··· INFORMATION PROVIDED

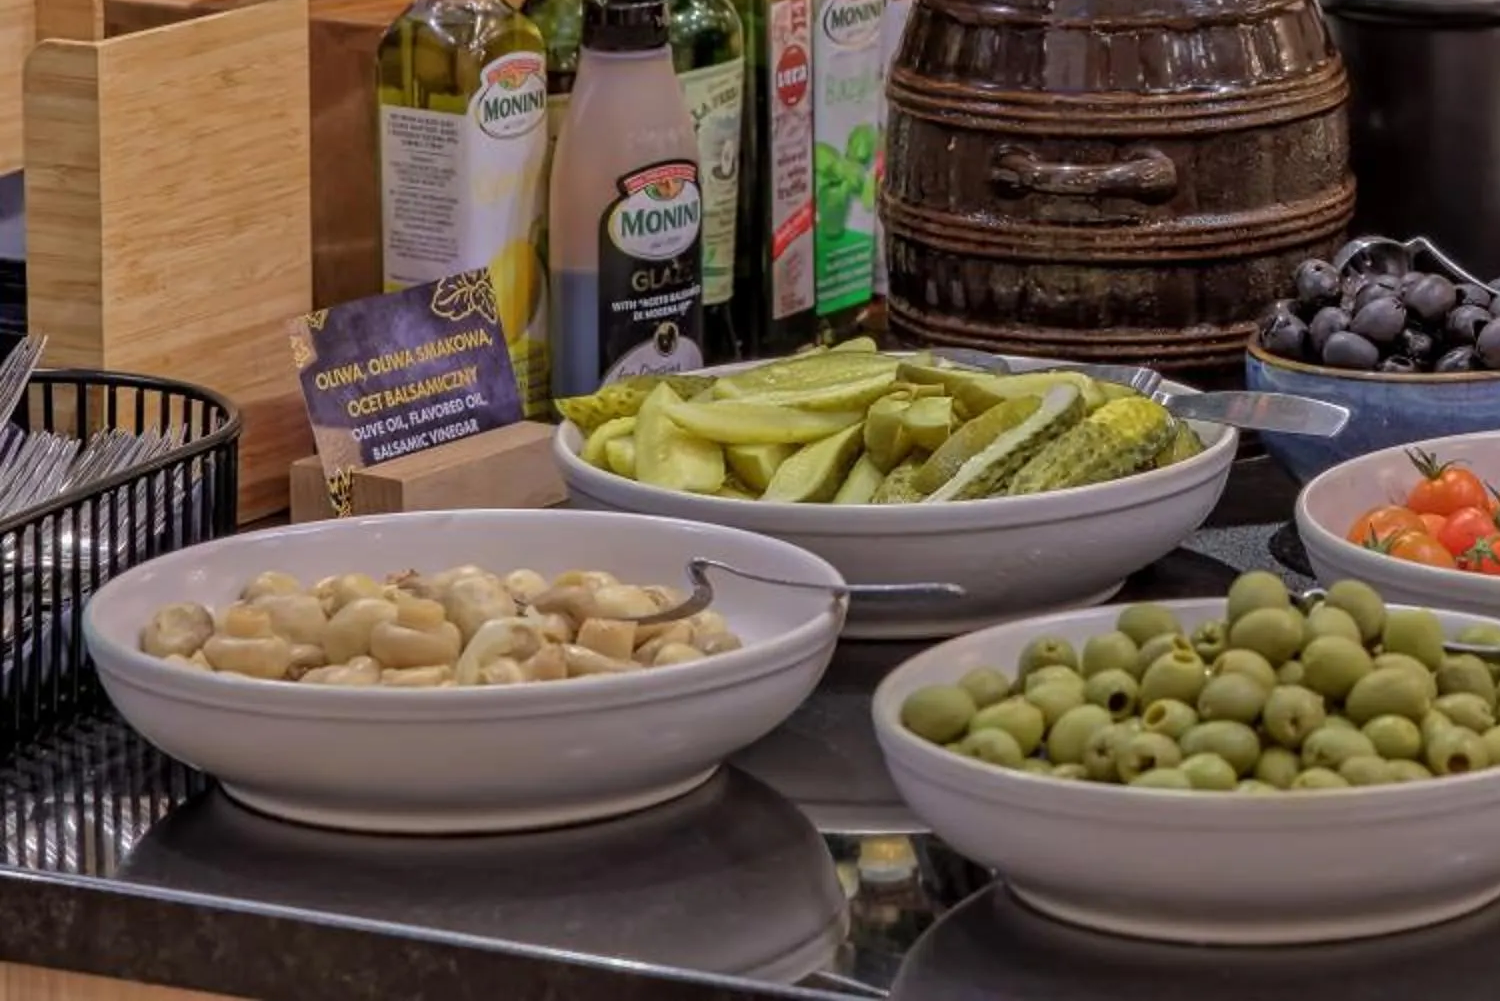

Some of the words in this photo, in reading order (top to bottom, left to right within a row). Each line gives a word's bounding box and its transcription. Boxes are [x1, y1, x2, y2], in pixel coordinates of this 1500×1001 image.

[483, 89, 545, 123] MONINI
[315, 363, 368, 391] OLIWA,
[368, 350, 414, 375] OLIWA
[416, 328, 492, 362] SMAKOWA,
[347, 390, 383, 417] OCET
[384, 366, 478, 406] BALSAMICZNY
[351, 420, 385, 442] OLIVE
[409, 398, 463, 426] FLAVORED
[372, 433, 430, 461] BALSAMIC
[430, 418, 480, 444] VINEGAR

······

* **EXERCISE OBJECTIVE**
Return the preceding entries exactly, each word as given, but leave out any picture.

* **REPLY TO THE EXERCISE**
Some of the words in this photo, in reading order (top to bottom, left to right within a row). Each line gives a word's bounding box and its transcription. Boxes are [x1, y1, x2, y2], in pixel coordinates of this 1500×1001 image.

[483, 89, 545, 123] MONINI
[315, 363, 368, 391] OLIWA,
[368, 350, 414, 375] OLIWA
[416, 328, 492, 362] SMAKOWA,
[347, 390, 383, 417] OCET
[384, 366, 478, 406] BALSAMICZNY
[351, 420, 385, 442] OLIVE
[409, 398, 463, 426] FLAVORED
[372, 433, 430, 461] BALSAMIC
[430, 418, 480, 444] VINEGAR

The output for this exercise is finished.